Dataset entries

===============

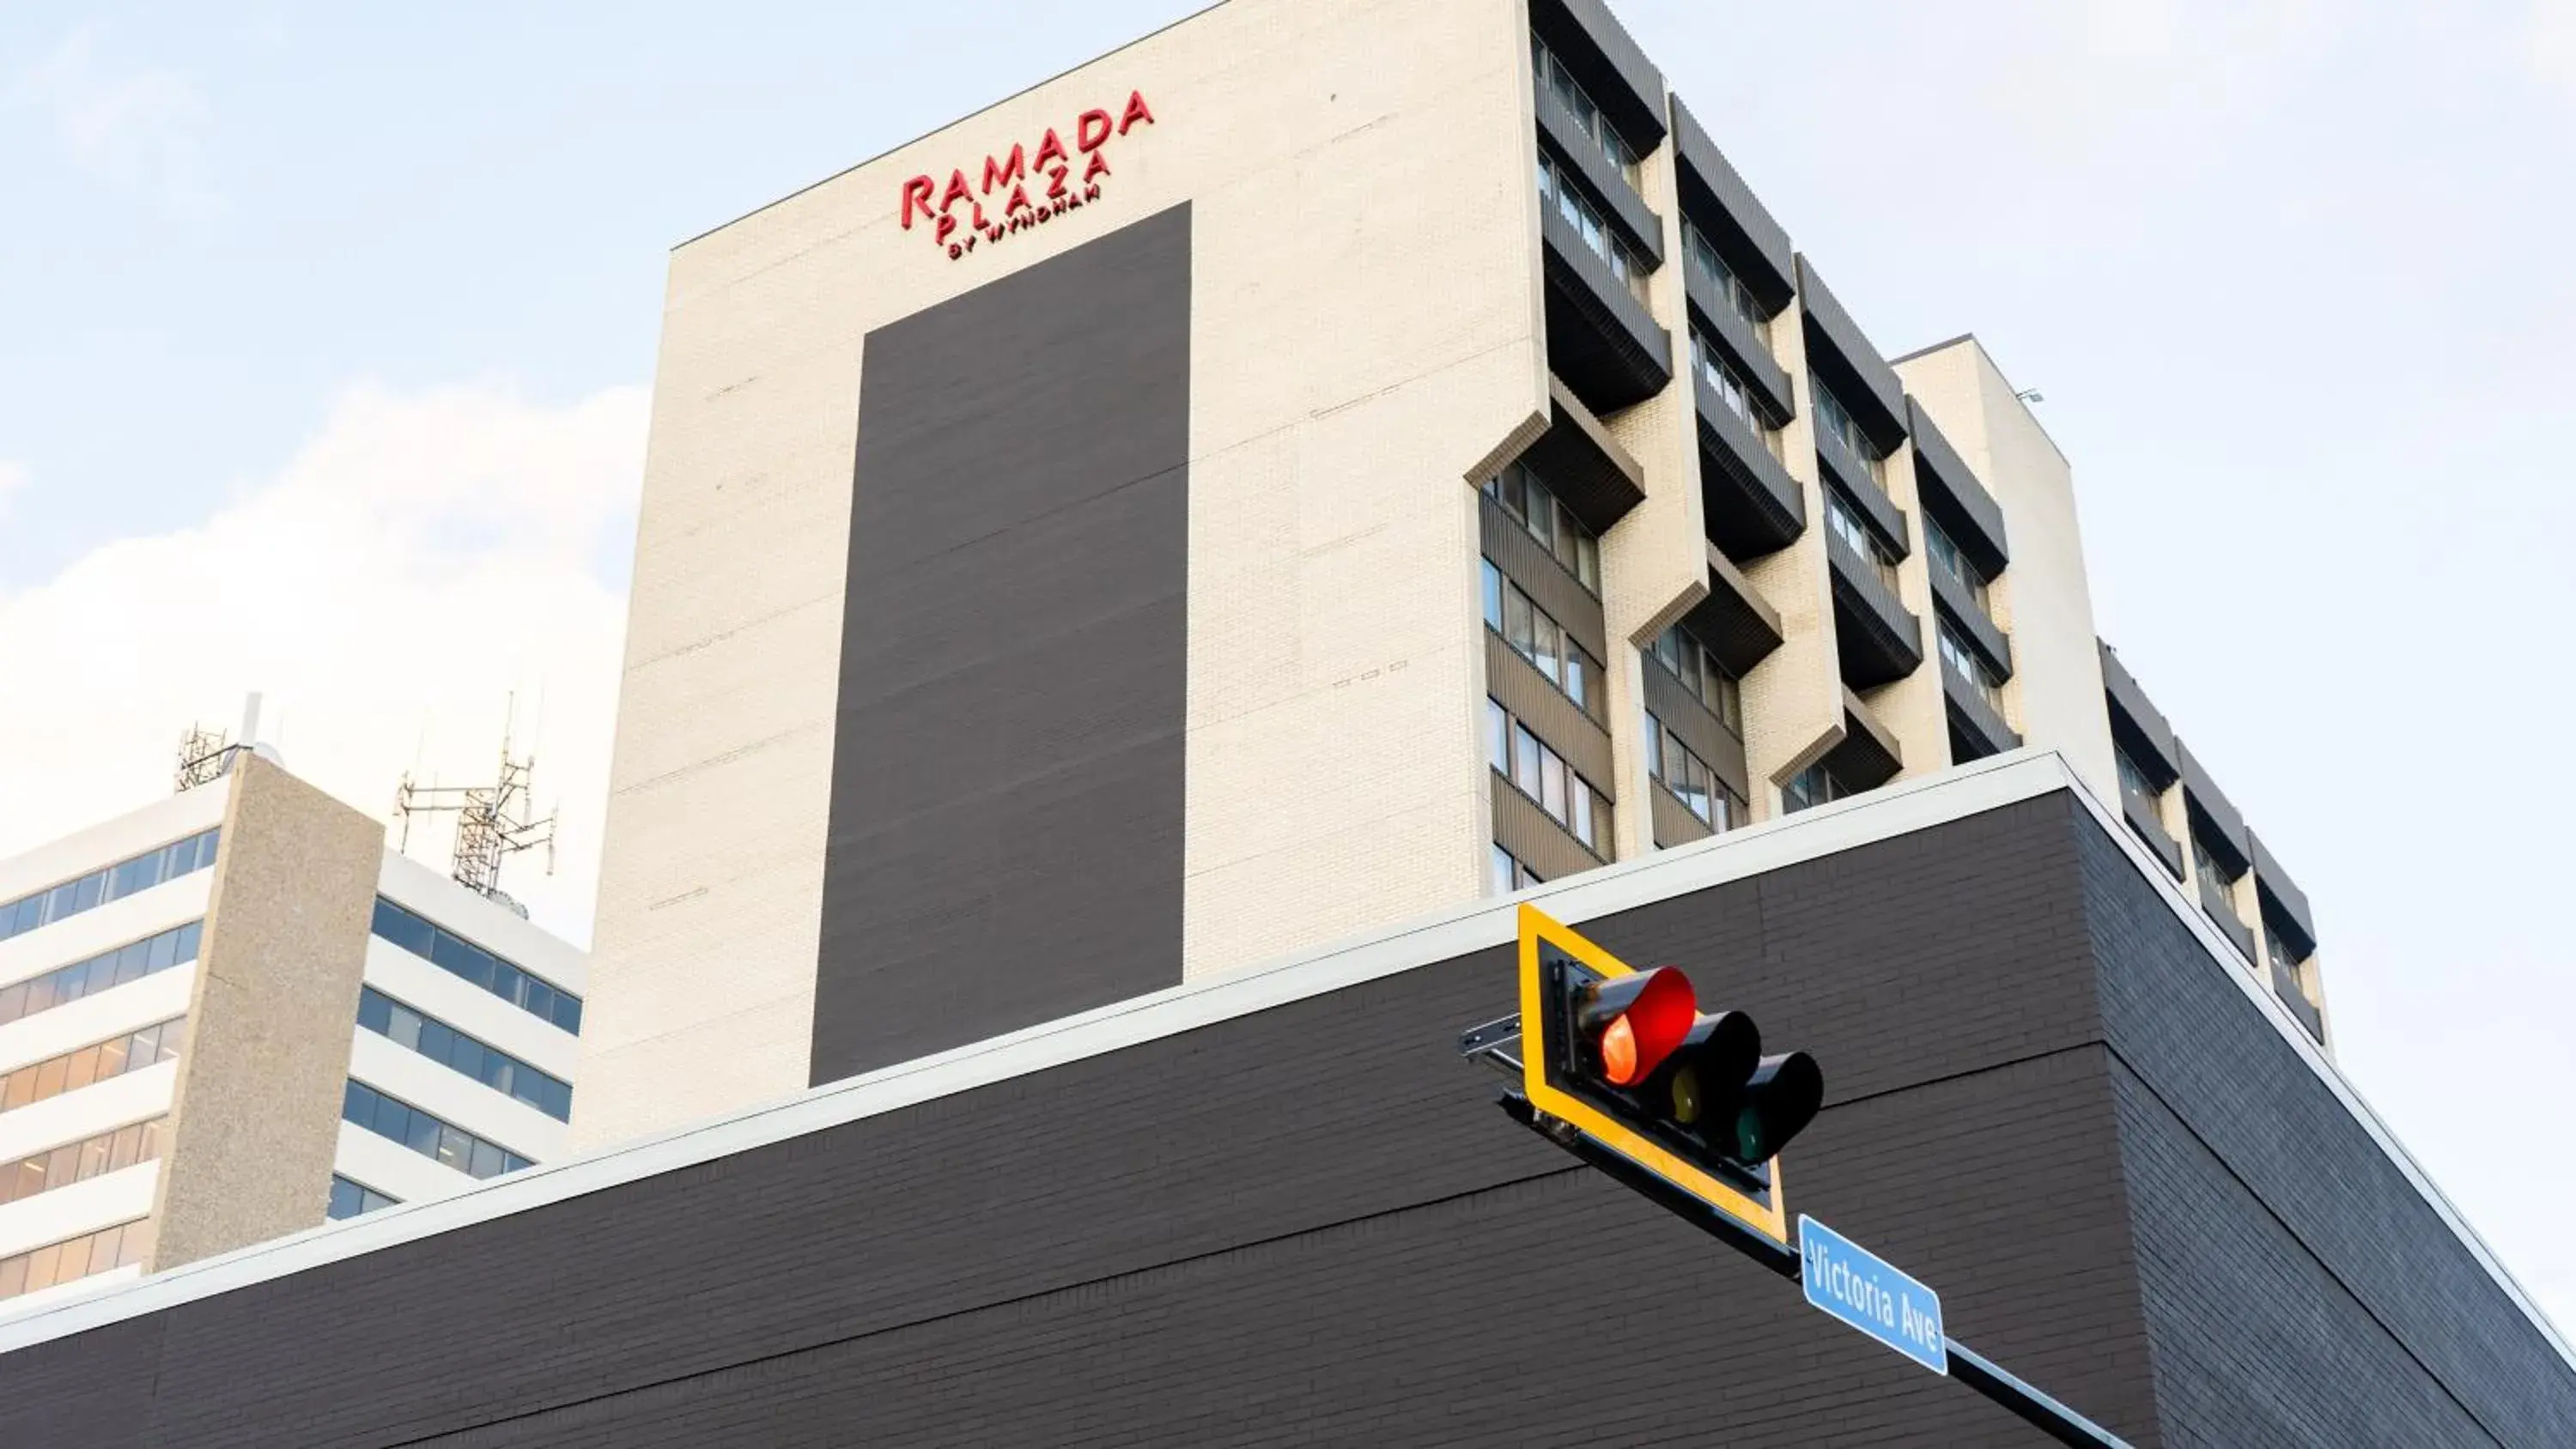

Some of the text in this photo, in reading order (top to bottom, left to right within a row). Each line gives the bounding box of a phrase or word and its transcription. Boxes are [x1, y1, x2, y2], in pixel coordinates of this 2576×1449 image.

[902, 89, 1154, 230] RAMADA
[935, 149, 1111, 246] PLAZA
[948, 183, 1101, 260] BY WYNDHAM
[1808, 1239, 1938, 1353] Victoria Ave
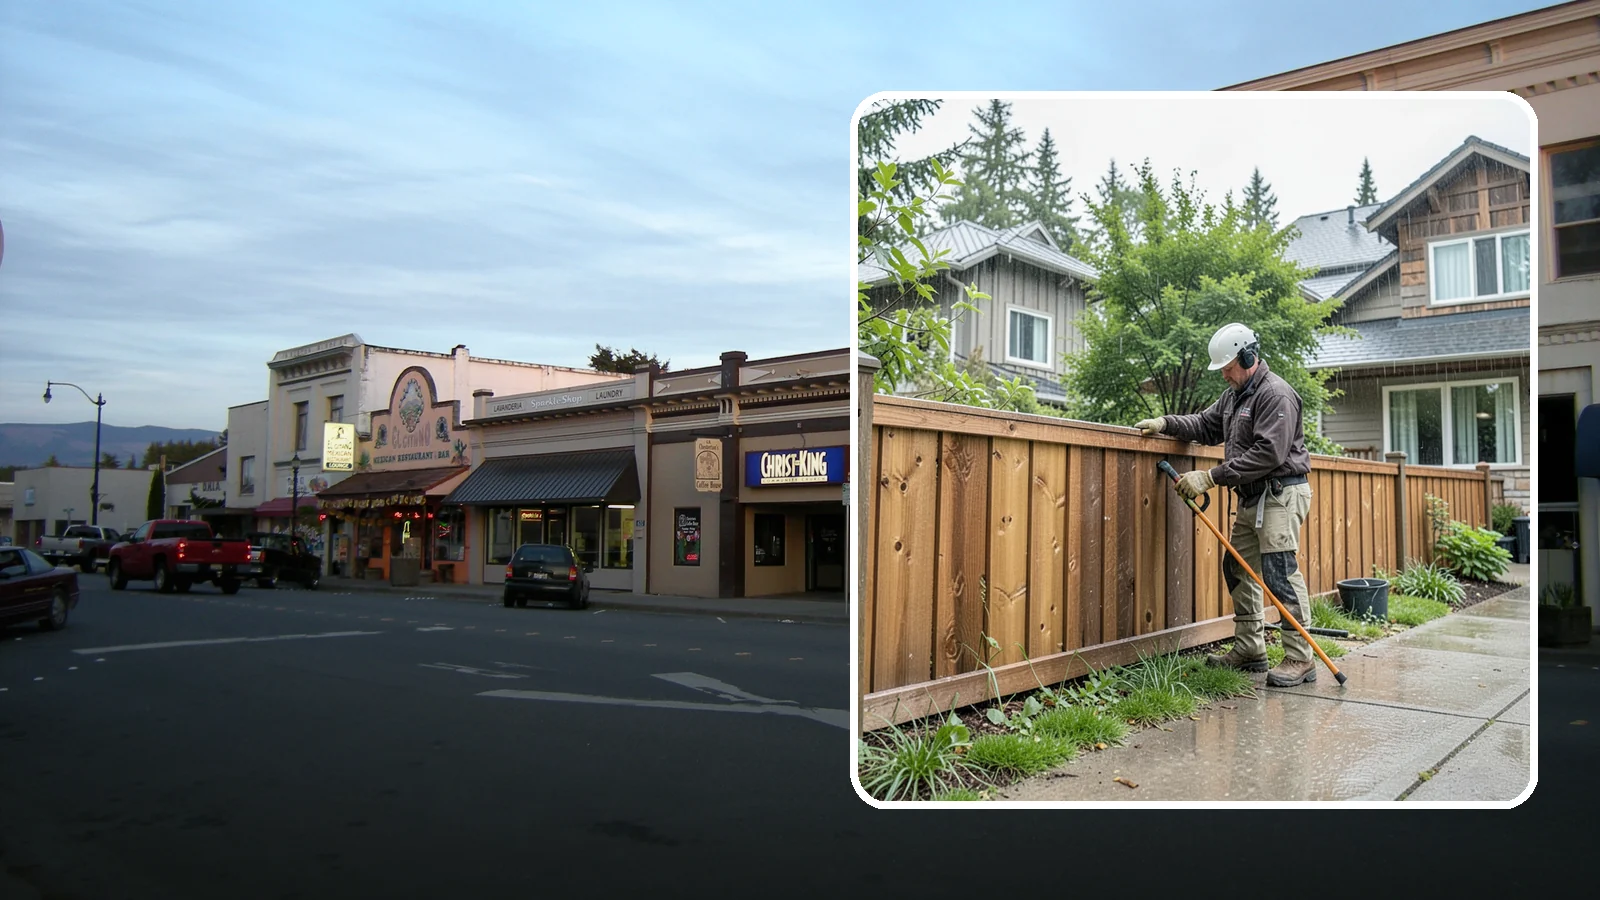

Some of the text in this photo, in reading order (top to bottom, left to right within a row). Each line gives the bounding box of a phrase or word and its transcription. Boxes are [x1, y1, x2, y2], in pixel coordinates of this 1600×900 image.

===============

**TASK REQUIREMENTS**.
Restate the records above verbatim. Pictures stay out.

**TASK ANSWER**.
Some of the text in this photo, in reading order (top to bottom, left to right within a row). Each line gives the bounding box of a phrase or word and its transcription. Boxes are [x1, y1, x2, y2], in pixel coordinates of this 2576×1449 image.

[902, 89, 1154, 230] RAMADA
[935, 149, 1111, 246] PLAZA
[948, 183, 1101, 260] BY WYNDHAM
[1808, 1239, 1938, 1353] Victoria Ave

Some of the text in this photo, in reading order (top to bottom, left to right within a row). Each line gives the bounding box of a phrase or word and its transcription. Boxes are [x1, y1, x2, y2], in pixel coordinates of this 1600×900 image.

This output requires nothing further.